[Information supplied Boundary: Start]
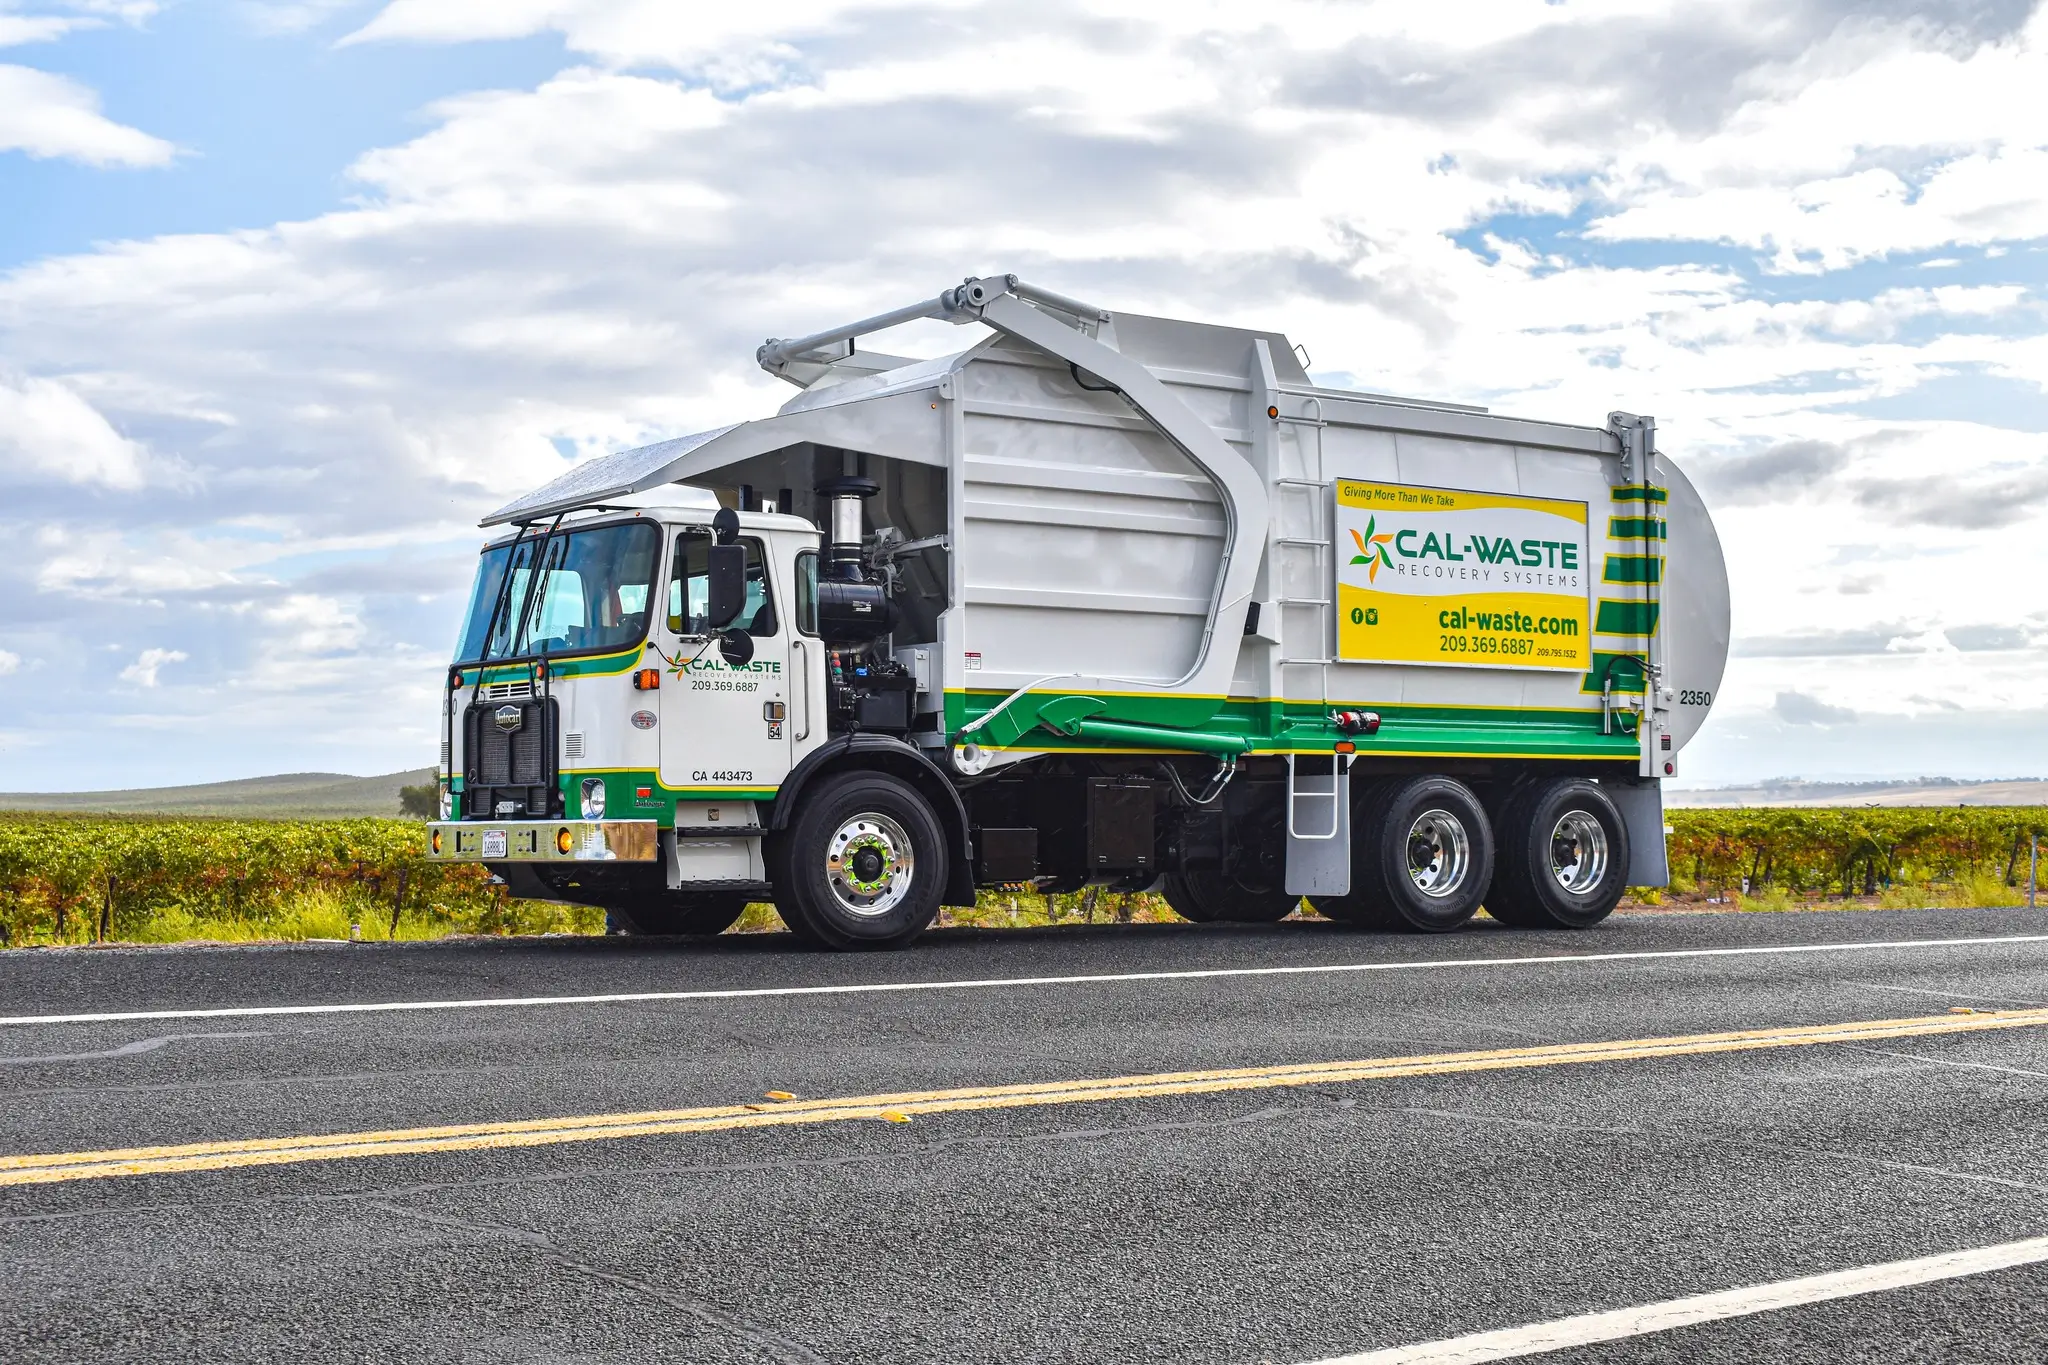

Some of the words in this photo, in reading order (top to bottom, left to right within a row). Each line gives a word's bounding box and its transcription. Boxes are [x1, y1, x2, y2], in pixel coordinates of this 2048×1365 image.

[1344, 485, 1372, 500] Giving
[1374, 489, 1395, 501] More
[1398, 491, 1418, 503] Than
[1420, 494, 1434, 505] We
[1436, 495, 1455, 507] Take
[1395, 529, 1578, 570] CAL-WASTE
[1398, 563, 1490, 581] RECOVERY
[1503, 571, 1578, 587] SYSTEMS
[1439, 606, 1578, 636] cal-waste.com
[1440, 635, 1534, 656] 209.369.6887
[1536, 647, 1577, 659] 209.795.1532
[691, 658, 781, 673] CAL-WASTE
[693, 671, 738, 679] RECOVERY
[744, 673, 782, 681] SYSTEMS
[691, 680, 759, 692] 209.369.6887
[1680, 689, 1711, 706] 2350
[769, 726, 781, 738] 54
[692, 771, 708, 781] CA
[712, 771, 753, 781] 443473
[Information supplied Boundary: End]
How to complete this task: Please set down the lines above word for word and leave out the pictures.

Exercise response:
Some of the words in this photo, in reading order (top to bottom, left to right within a row). Each line gives a word's bounding box and its transcription. Boxes are [x1, y1, x2, y2], in pixel coordinates of this 2048×1365 image.

[1344, 485, 1372, 500] Giving
[1374, 489, 1395, 501] More
[1398, 491, 1418, 503] Than
[1420, 494, 1434, 505] We
[1436, 495, 1455, 507] Take
[1395, 529, 1578, 570] CAL-WASTE
[1398, 563, 1490, 581] RECOVERY
[1503, 571, 1578, 587] SYSTEMS
[1439, 606, 1578, 636] cal-waste.com
[1440, 635, 1534, 656] 209.369.6887
[1536, 647, 1577, 659] 209.795.1532
[691, 658, 781, 673] CAL-WASTE
[693, 671, 738, 679] RECOVERY
[744, 673, 782, 681] SYSTEMS
[691, 680, 759, 692] 209.369.6887
[1680, 689, 1711, 706] 2350
[769, 726, 781, 738] 54
[692, 771, 708, 781] CA
[712, 771, 753, 781] 443473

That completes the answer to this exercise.